Many of the institutional leaders in this emerging sector identify as being on the “renewal” edge of their faith tradition. They refer to this time as “de-institutionalizing of religion,” particularly within American Christianity. But across several traditions, leaders see themselves reclaiming the core of institutional religion and handing it on to the next generation of followers, which may look very different from the religions of the past century.
As they serve and hold in reverence the traditions they practice, they are asking bold questions about the future, attuned to the needs of the people they serve and hope to serve:
- How will we hold onto the rich teachings of our historic faith and wisdom traditions while applying them creatively in today’s time?
- Are the spiritual formation processes within existing religious structures declining in relevance in public life?
- How will we reimagine roles and institutions as the spiritual and religious landscape dramatically shifts?
These leaders find themselves carrying forward wisdom from their traditions, satisfied that though the core theologies are largely unchangeable, their practices and social norms are evolving. They are asking how these practices might carry their traditions forward without bringing their histories and social identities. Is this even possible?
Proponents of this work believe it is. Asked how she would describe sharing spiritual heritage, Rabbi Sara Luria, founder of Beloved, “a home-based experiment in Jewish life,” explained, “I am holding onto someone behind me, and holding onto the person in front of me. And I’m the intermediary between what was and what will be.”
As spiritual innovation emerges both inside traditional religion as well as other places, such as the arts and sciences, there is a tension among those imagining the future of religion about whether the existing infrastructures can sustain and nurture the held sacred wisdom. People in the field question whether they should work inside of traditional institutions or offer related but separate spaces.
However religion evolves, leaders of these movements agree that sharing their traditions must include deep respect for the source of the original practices, with attention to authenticity, cultural adaptation and potential for misappropriation.
The thought-provoking and inspiring insights in Sharing Spiritual Heritage offer pathways for individuals to engage in deep spiritual work and experience fellowship.

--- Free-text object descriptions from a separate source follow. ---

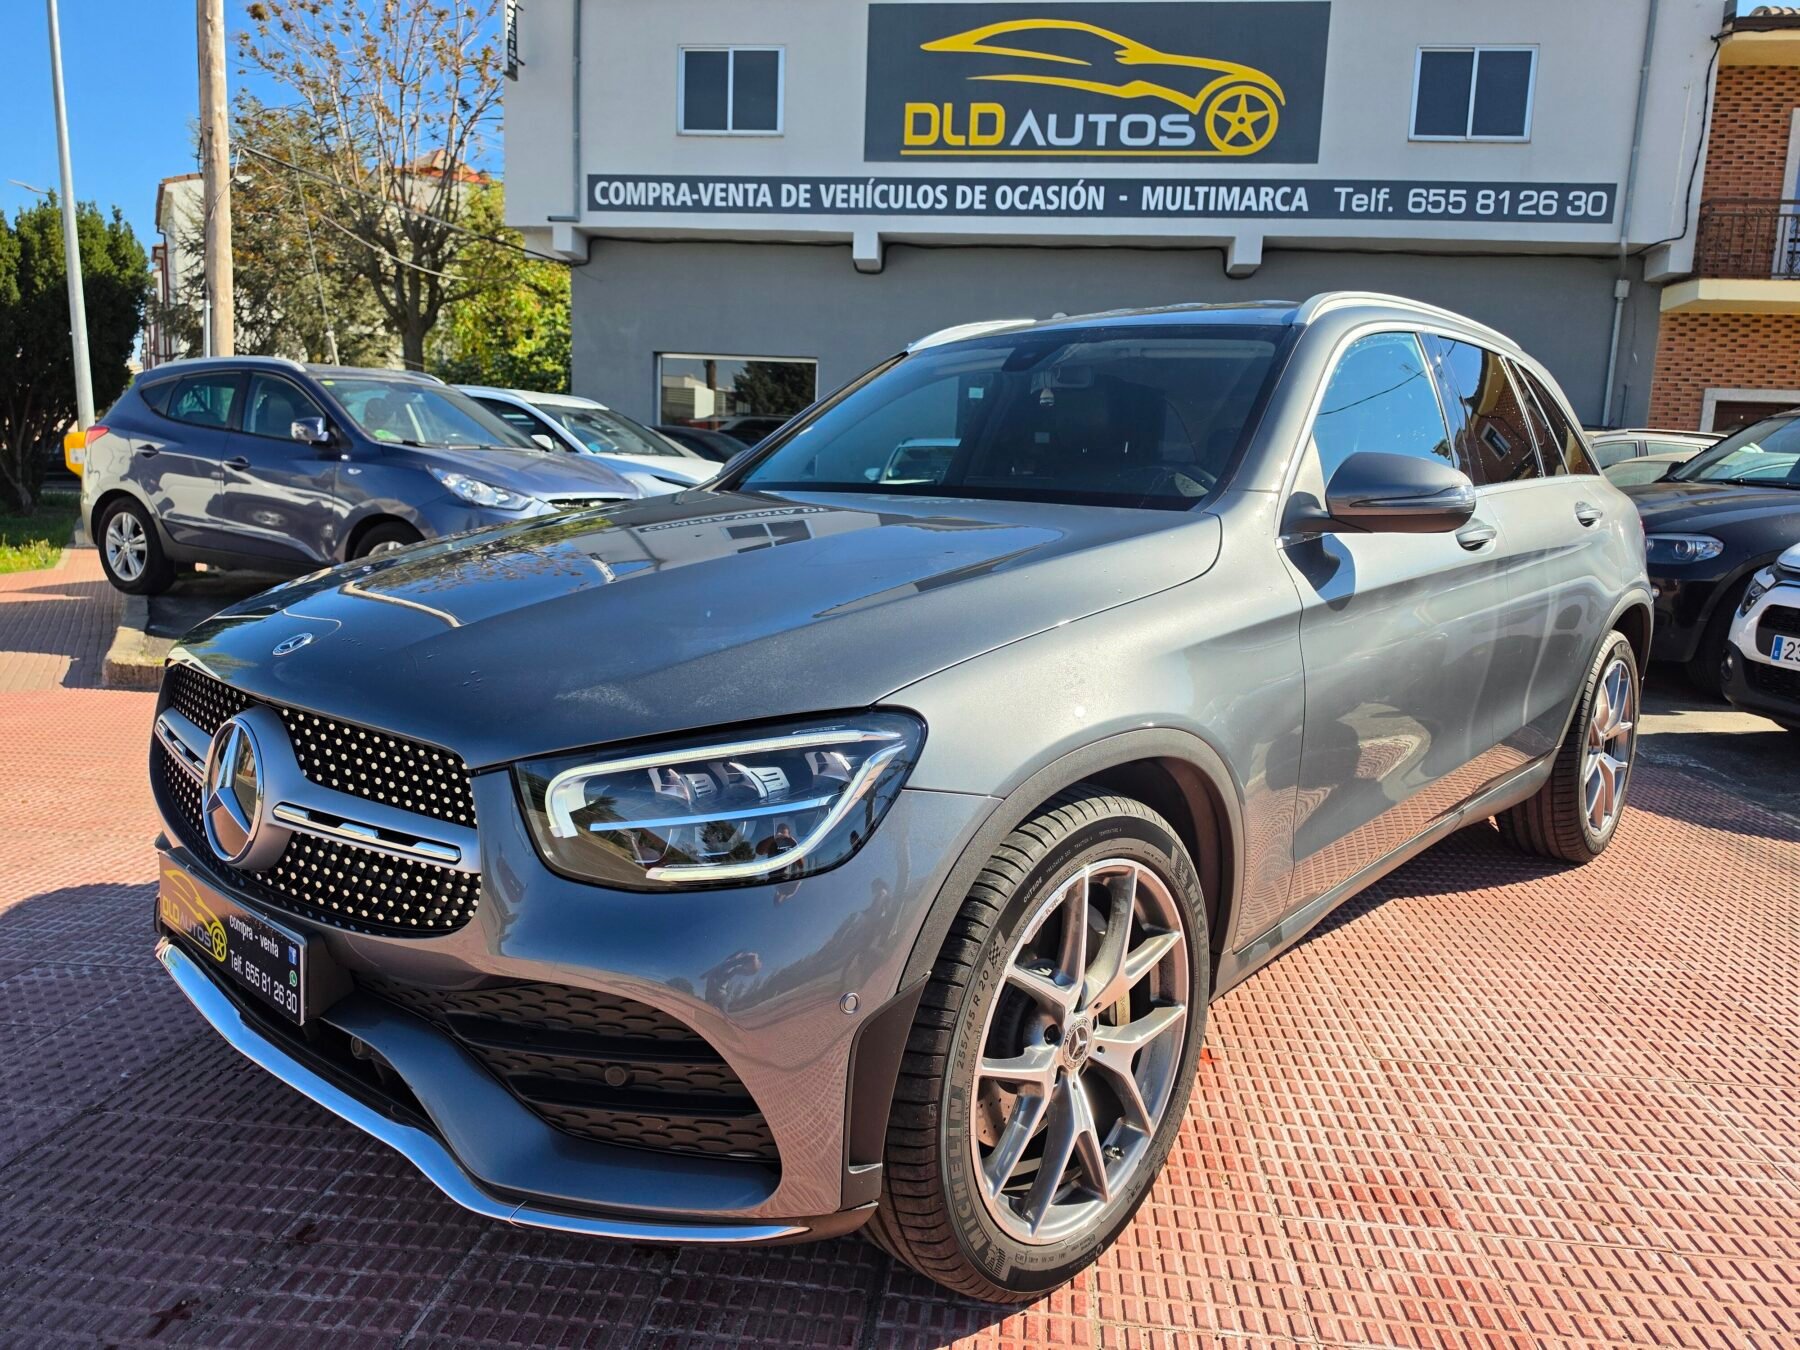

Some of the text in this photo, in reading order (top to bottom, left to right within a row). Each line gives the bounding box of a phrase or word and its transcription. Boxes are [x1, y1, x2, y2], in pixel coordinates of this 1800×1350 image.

[903, 102, 1197, 147] DLD AUTOS
[593, 180, 774, 210] COMPRA-VENTA
[780, 182, 812, 209] DE
[818, 177, 949, 211] VEHÍCULOS
[955, 184, 988, 211] DE
[994, 179, 1106, 211] OCASIÓN
[1141, 185, 1310, 213] MULTIMARCA
[1334, 186, 1394, 213] Telf.
[1407, 187, 1467, 215] 655
[1566, 191, 1609, 217] 30
[162, 896, 212, 948] DLD AUTOS
[229, 914, 254, 941] compra
[260, 934, 279, 958] venta
[245, 960, 260, 988] 655
[261, 971, 271, 996] 81
[273, 980, 285, 1005] 26
[286, 990, 298, 1015] 30
[956, 1010, 976, 1070] 255/45
[948, 1096, 988, 1252] MICHELIN
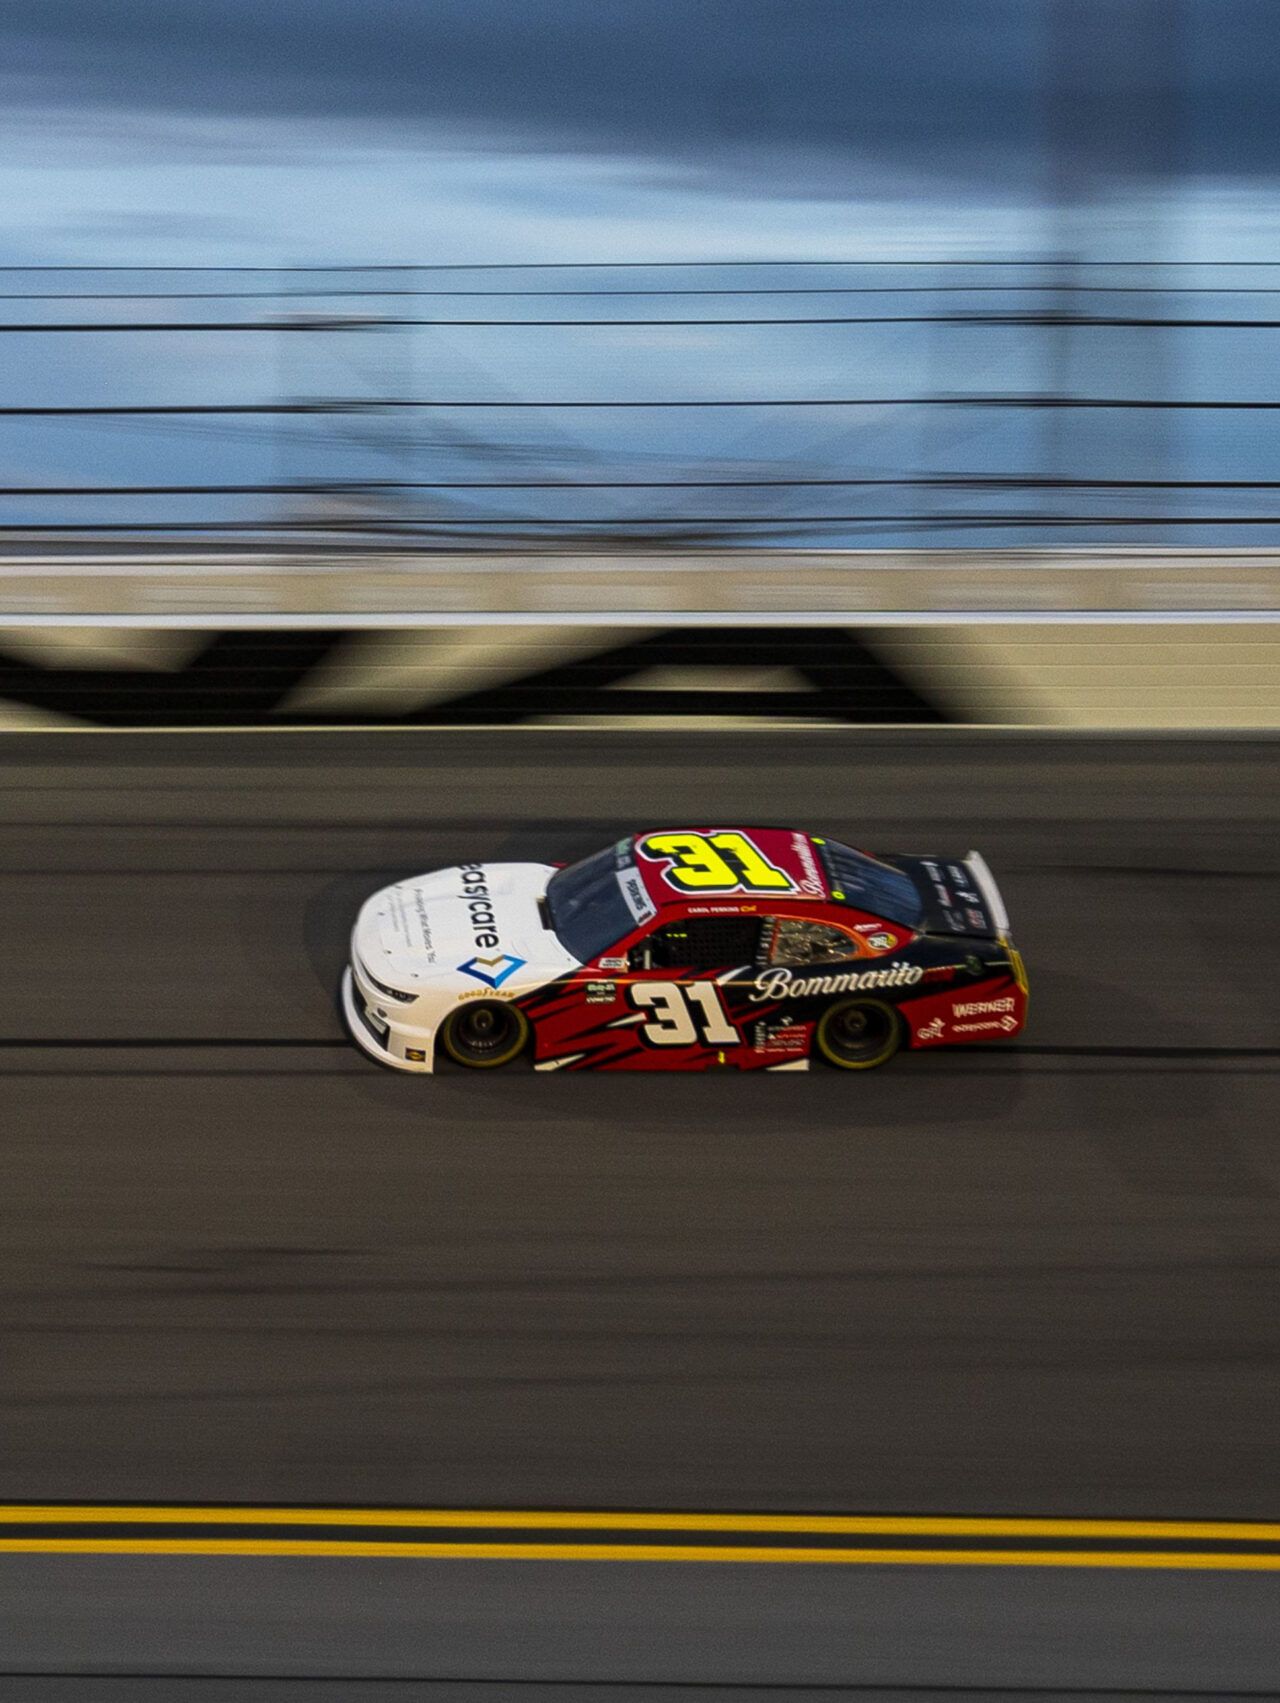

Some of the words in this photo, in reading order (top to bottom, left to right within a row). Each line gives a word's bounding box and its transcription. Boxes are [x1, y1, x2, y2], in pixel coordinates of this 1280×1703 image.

[645, 833, 791, 887] 31
[457, 986, 517, 1001] GOODYEAR
[749, 960, 924, 1002] Bommarito
[631, 981, 741, 1044] 31

Grounded in diverse and ancient wisdom, the report shows how spiritual communities can integrate rituals, symbols, practices and narratives that nurture the spiritual life, inspiring growth and depth.
Such practices help seekers learn to better embody love and manifest the inner life through an outer life of service to others, fostering not just their own transformation but the transformation of society.
Leaders and practitioners across multiple traditions are responding to this increasing need, eagerly sharing their learning and experience with those who continue the spiritual search. These religious practitioners offer their gifts as an inheritance to the next generation, freely given for the future and for the common good.
“I would say that I’m a seeker, like so many who have come before me who are seeking the knowledge of the divine, the knowledge of the universe and the knowledge of love in ourselves and in the world,” said Milicent Johnson, founder of The Octavia Fund, who participated in the sessions that gave rise to the report.
Stakeholders across various traditions and organizations have named sharing spiritual heritage as important work in need of cultivation. They have made recommendations for the future, including opportunities that will help create bridges between the religious traditions and spiritual seekers, developing and testing strategies for spiritual formation and building networks of collaboration that strengthen the sector.
Download this free report from the Fetzer Institute for more thought-provoking insights from a growing list of religious leaders and spiritual innovators.
The Fetzer Institute is helping build the spiritual foundation for a loving world. It works with thought leaders to develop programs, research projects, convenings, and funding collaborations in the sectors of faith, spirituality, democracy, education and organizational culture. Learn more at fetzer.org and sign up for their newsletter at fetzer.org/subscribe.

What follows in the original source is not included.